For years, Collision Specialists did virtually no marketing, relying instead on their good standing in the community, the reputation it built over more than 40 years from doing quality work and treating customers fairly.

Slack wanted to keep the second location open, and he knew that if he was going to do that, he needed to find a way to leverage the Livingston reputation to a broader customer base.

During this time, Slack wasn’t sitting idly by, waiting for inspiration. He started going to seminars and seeking out training. It was in one of these sessions that someone suggested the idea of outside sales.

“It just seemed perfect,” Slack says. “It seemed like a way that we could put ourselves in front of people, show them who we are and what we’re about. It’s a way to get our reputation out there.”

And he dove right in, starting by developing a long list of any and all local businesses in the area. He also created a list of all the insurance agents within reasonable driving distance. (For most shops that would be only several miles, but for Slack’s rural market, he needed to venture farther.)With those lists in hand, he began making visits, roughly 20 each week.

“I’d have 20 boxes of cookies every week, and I’d go and bring them to businesses,” he says. “I’d just stop in, introduce myself and start talking with them.

“The idea is that you’re putting a face to your business. You’re letting all these people—local businesses, insurance agents, everyone—know what you’re all about.”

Slack also started a direct-mail marketing campaign, utilizing the client lists in his shops’ management system.

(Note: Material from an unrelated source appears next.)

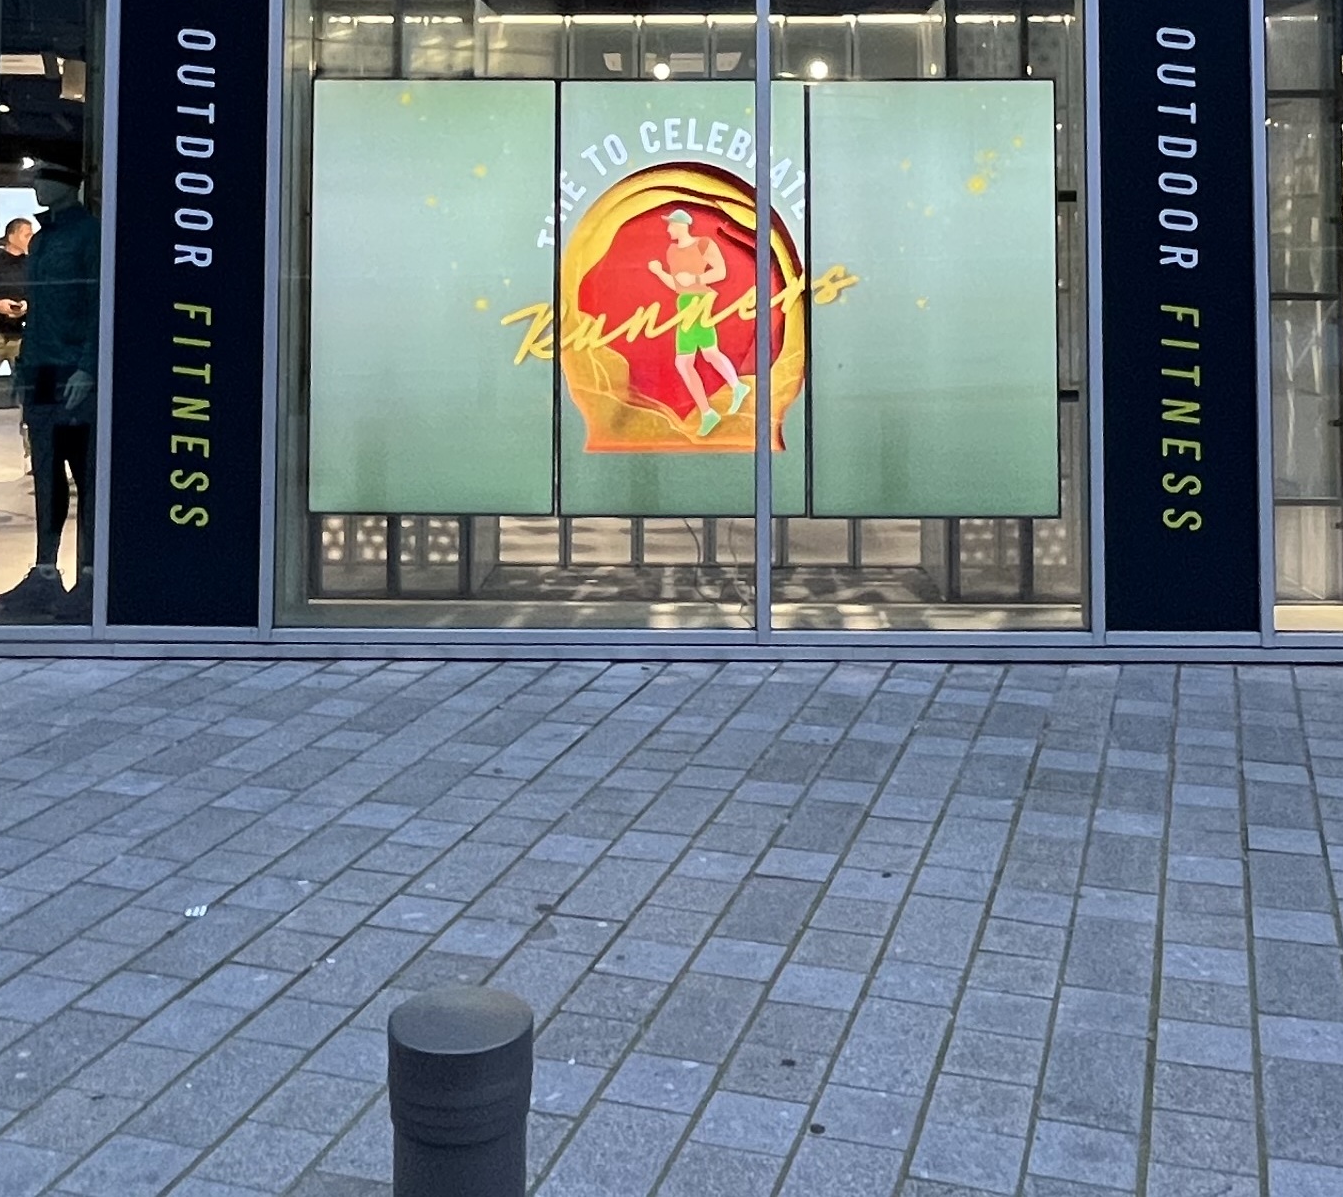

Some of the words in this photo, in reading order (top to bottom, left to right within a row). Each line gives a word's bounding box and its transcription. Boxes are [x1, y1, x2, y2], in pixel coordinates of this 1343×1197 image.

“We needed customers, and I wasn’t going to just sit by and wait for them,” he says.

The Aftermath

After starting the outside sales initiative that spring, Collision Specialists had a 24.8 percent jump in sales in 2011.

Revenues went up another 19.9 percent in 2012, as the two shops topped out at $1.1 million in total sales.

“It was really quick,” Slack says. “All of a sudden, both shops were busy.”

To make up for the increased production, Slack focused heavily on improving workflow efficiency. He hired an estimator for his original shop, allowing himself to move off the front counter. He instituted standard operating procedures to make sure systems and processes were identical in both facilities.

“We now have a process for how to handle vehicles from the time they hit the door, getting them torn down, getting parts ordered, moving it through the shop, through paint and body and reassembly,” he says. “And it made a huge difference with our parts ordering. Having everything lined up like that, we weren’t scrambling for parts later in the process.”

And all of it led to higher profitability. The shops’ revenues grew, but costs stayed relatively flat with the exception of the one additional hire.

“All of a sudden, this is a business that can make money; I can make a living from it,” he says.

The Takeaway

The entire experience changed the way Slack viewed his career and future in the industry.

When he contemplated leaving the business in 2010, those thoughts were only about his own employability, the ways he could make money outside of his failing business.

“Every business has potential, though, if you find the right ways to do things,” he says. “That’s what I needed to realize about our shops. I looked too hard at some of the excuses I could make for the shops, rather than the potential it actually had to grow.”

And Slack feels if his shop can demonstrate that kind of growth in such a rural area, then it’s possible anywhere across the country. 

“I now can look forward to coming to work again and helping make this business what my father had envisioned, and maybe even better than that,” he says. “We want to stay on this path. We’re not going anywhere.”